Creed: These two men still soaking in the standing ovation from the capacity crowd… Vizier is on his feet and he has draped the Emerald City Championship back over his shoulder, Rocko is in the corner looking down. You know he’s disappointed in himself, he came here tonight to win, but Rocko Daymon showed us why he is the THE TRUE Professional Wrestler.

Anderson: It might not be over yet!

Creed: Vizier just stepped to Rocko, he’s holding the title belt up… And now he’s offering a handshake!

(Rocko with sweat pouring down his face accepts the hand of IWF's Champion. They shake and the crowd gives a loud ovation of approval.)

Creed: We'll be right back with a few last words folks... please stick around.

Winner: Vizier ta Seti (3 count following the Aerial Scarab)
Last edited by a moderator:


I stalk, because I care
May 2, 2007
After thoughts

(Fade in to the announcer's booth. All three men are still buzzing from the amazing main event they just witnessed. Creed is handed a statement by an off camera worker and his mood quickly changes.)

Creed: I was just handed a statement from the IWF front office in conjunction with our medical staff and the Moss Bay Event Center. Scott Douglas was admitted to Virginia Mason Hospital, just a few minutes from our live event after what started as a skirmish with Derrick Allen turned into a medical situation.

Anderson: You mean; After he got his block rocked!

Creed: Terry, seriously. Doctors are going to keep Scott overnight for observation for what at this time they are calling only a minor concussion. From everyone here at the IWF, including Terry, our hopes and prayers are with "Sub Pop" Scott Douglas, Courtney Allen and their families tonight.

Anderson: Even Derrick?

Creed: You know what I meant, Terry. Have some compassion.

Anderson: Some... what? Look Douglas got what he deserved. No one was praying and hoping for my boy Waltz when Moppy dropped him on his neck!

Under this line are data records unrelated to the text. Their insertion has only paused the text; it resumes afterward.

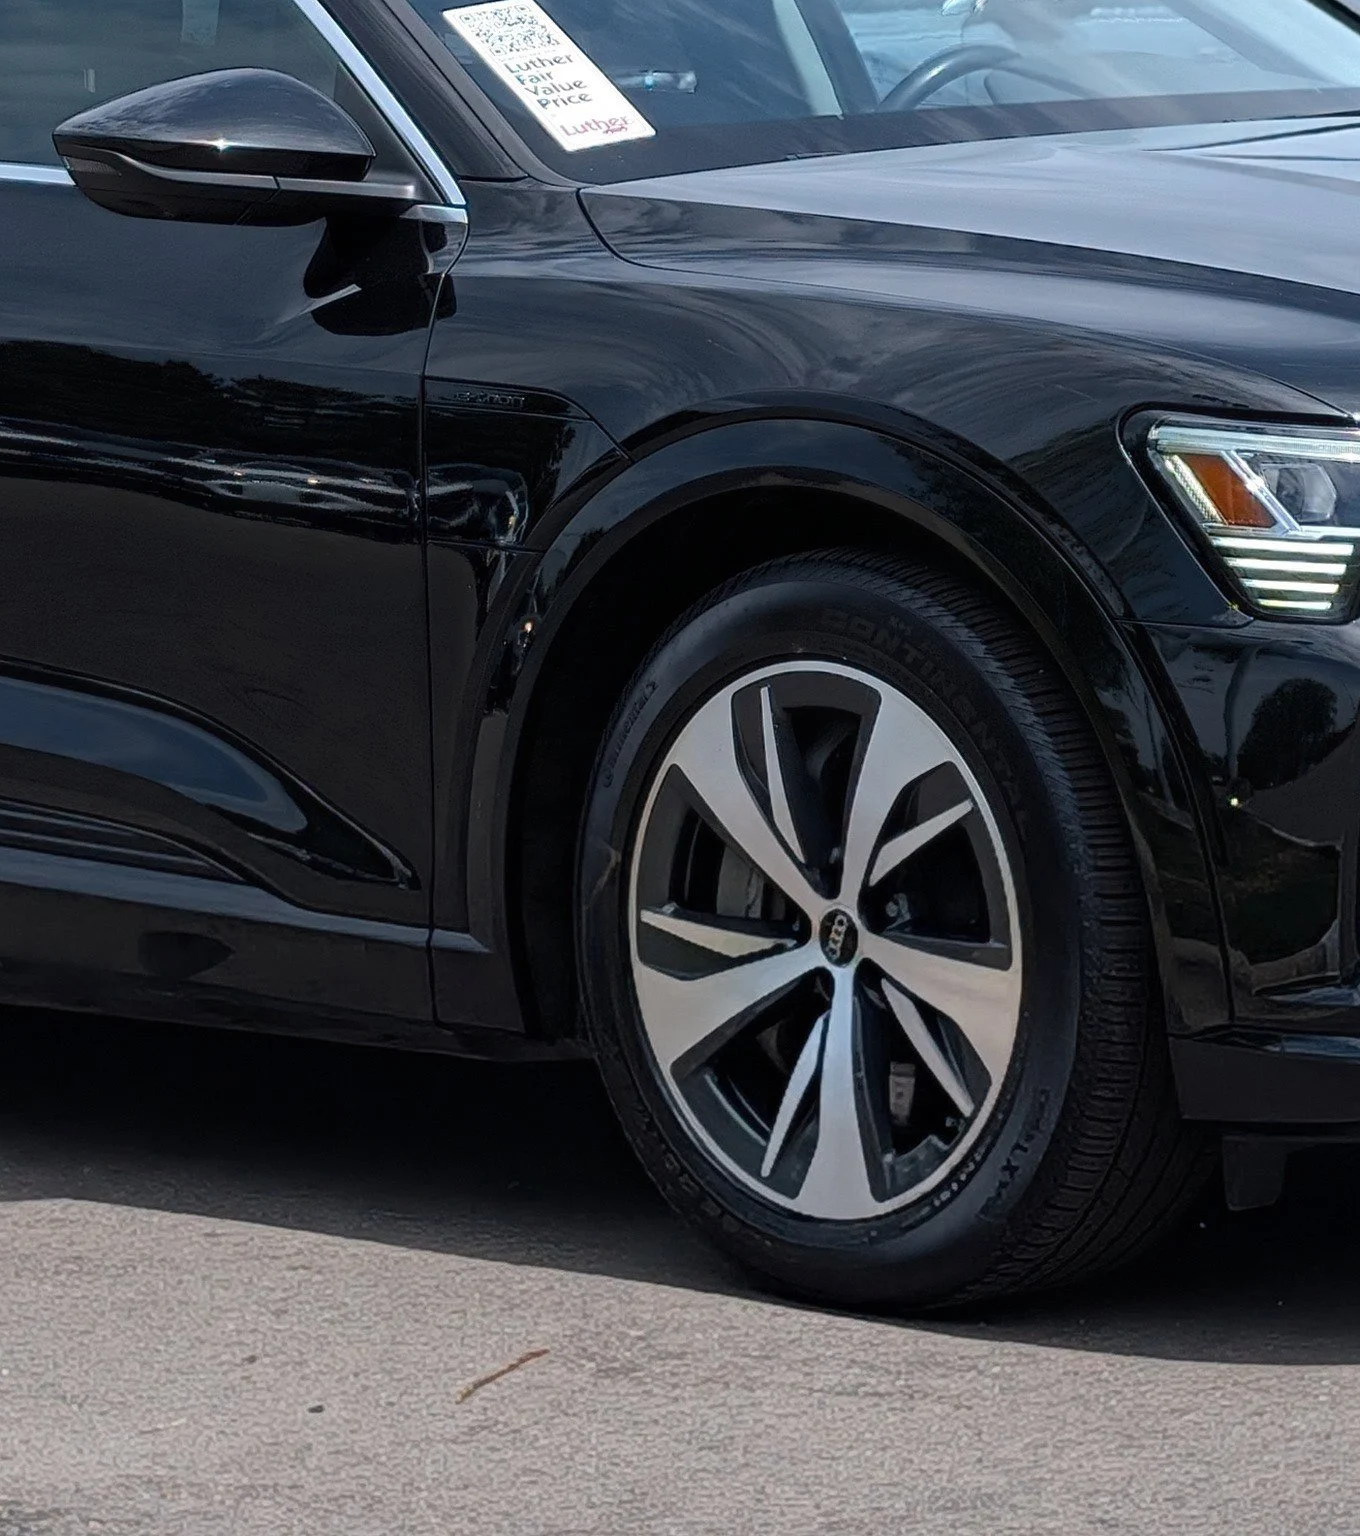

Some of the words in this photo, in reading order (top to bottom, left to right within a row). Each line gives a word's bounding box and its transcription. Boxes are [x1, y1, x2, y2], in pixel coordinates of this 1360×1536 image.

[504, 53, 574, 74] Luther
[515, 70, 554, 86] Fair
[524, 79, 588, 97] Value
[537, 92, 593, 110] Price
[560, 115, 632, 136] Luther
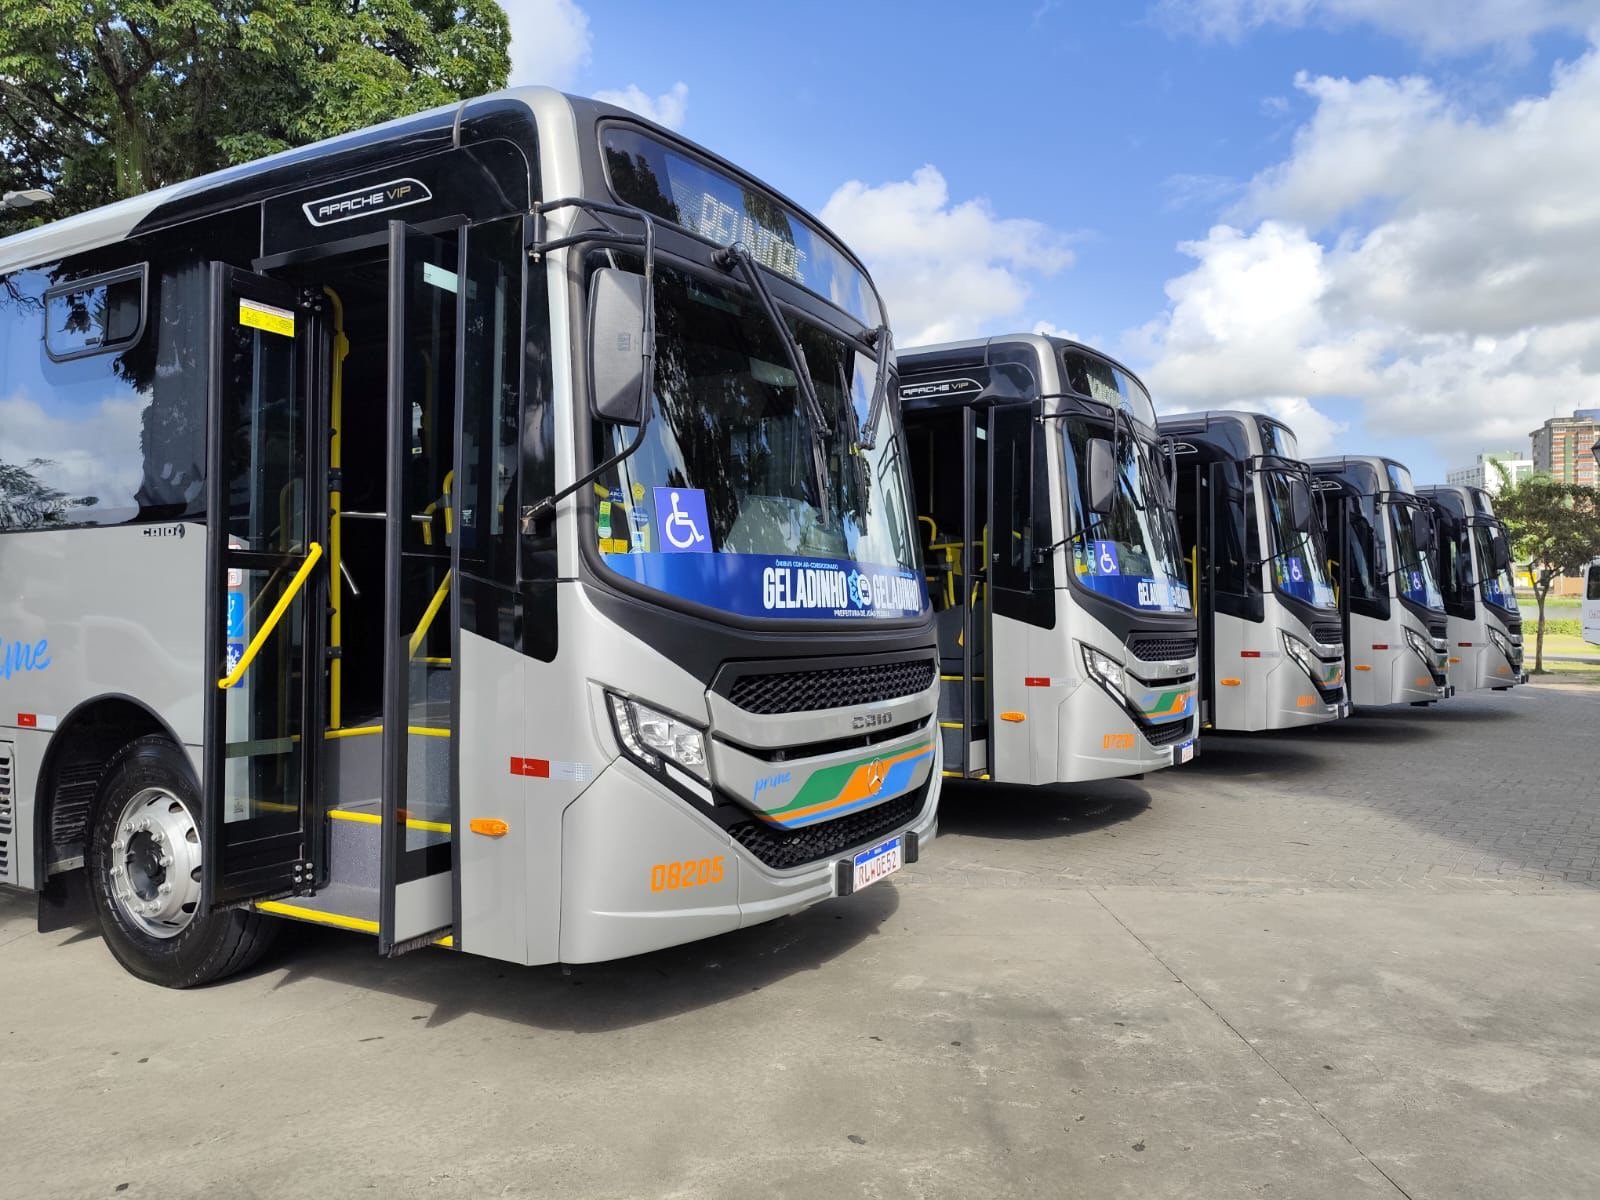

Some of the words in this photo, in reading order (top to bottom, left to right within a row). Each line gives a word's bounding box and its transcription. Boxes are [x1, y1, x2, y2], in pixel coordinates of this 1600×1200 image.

[319, 192, 384, 217] APACHE
[386, 185, 411, 200] VIP
[903, 384, 950, 396] APACHE
[951, 381, 969, 390] VIP
[763, 567, 849, 610] GELADINHO
[852, 711, 892, 729] CAIO
[650, 855, 725, 892] 08205
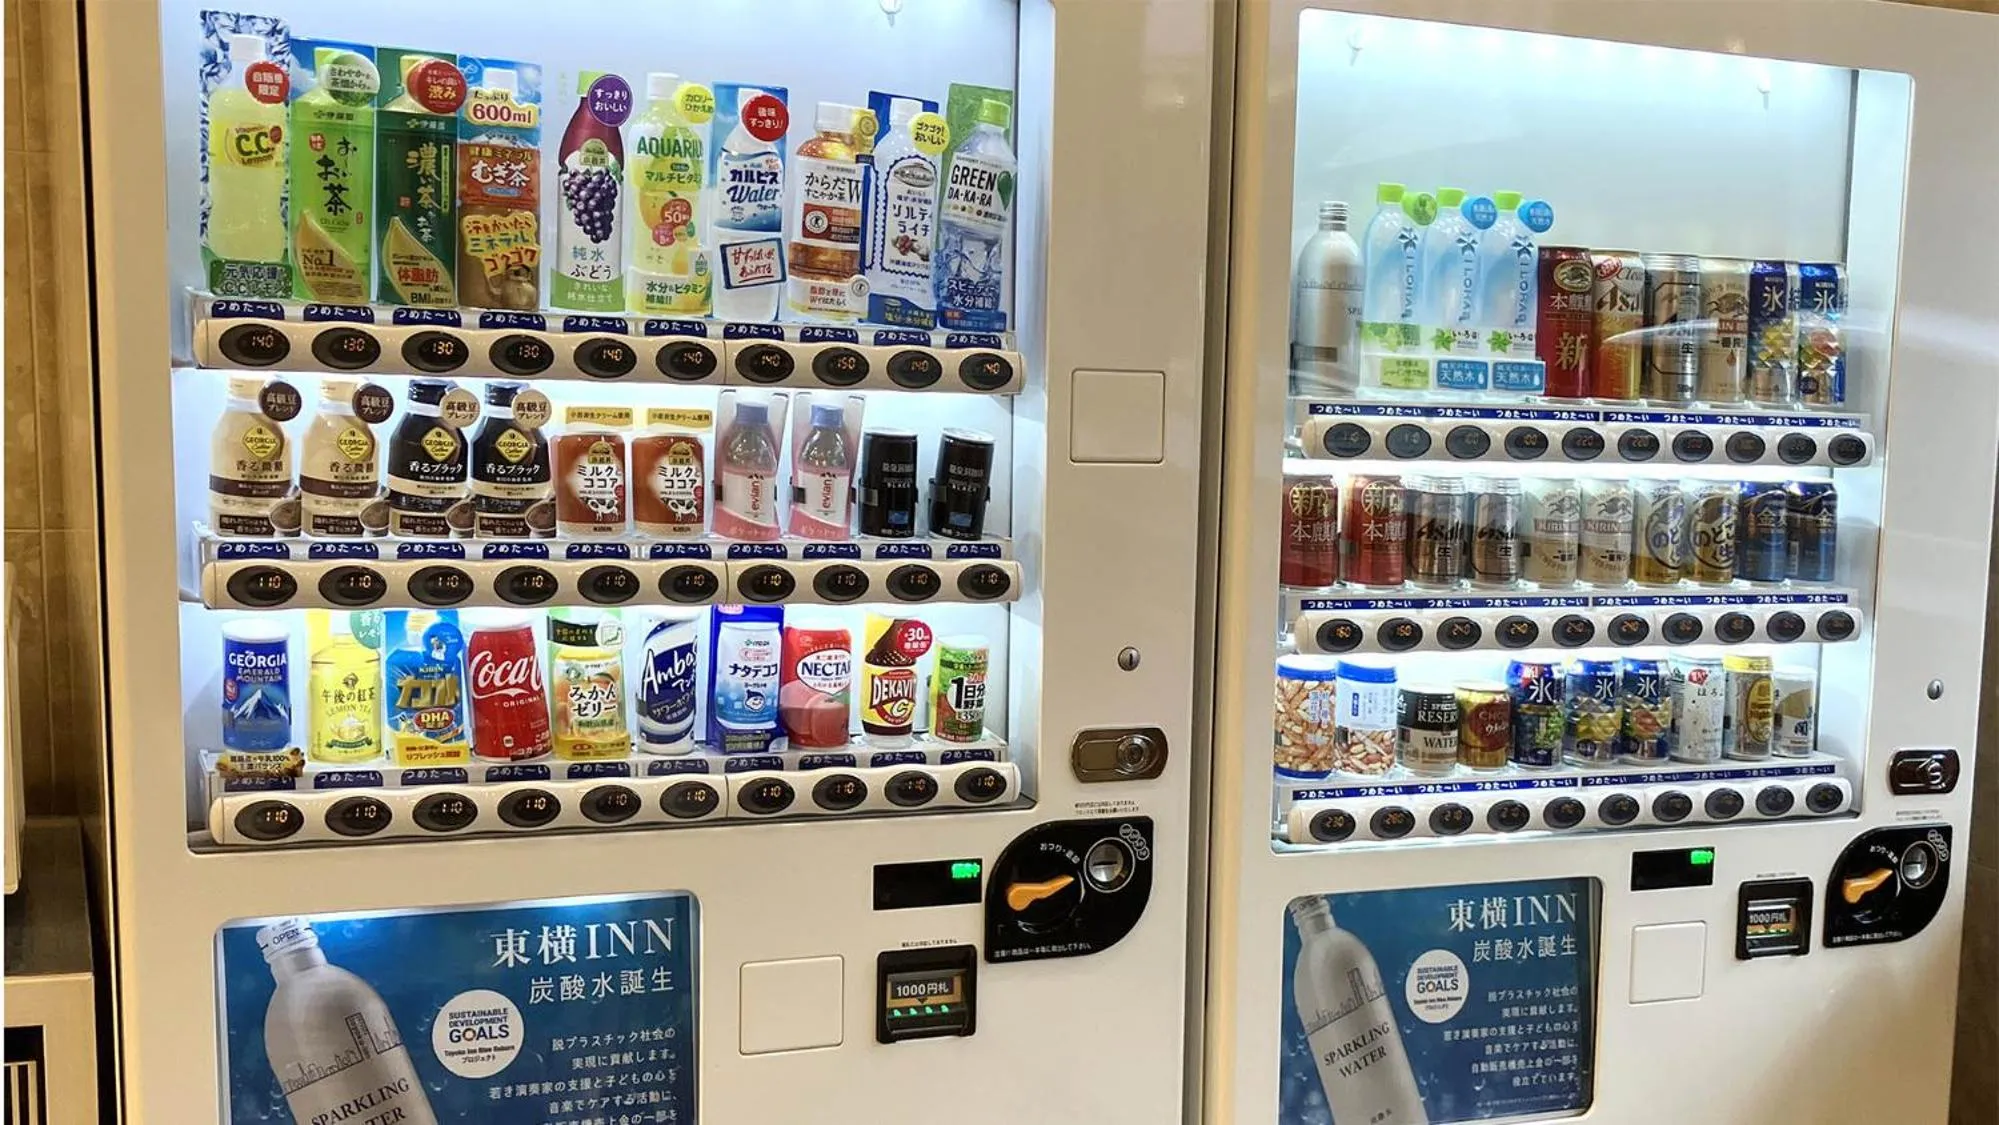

McGinnis: Well regardless of all that, I am still stunned by the main event we just witnessed. I have to say that was one of the most entertaining matches IWF has had since I've been here.

Anderson: It was a rip off. Perfection wasn't involved.

Creed: We are out of time folks, I hope you enjoyed the show. For myself, Brian and Terry. We wish you all a good night.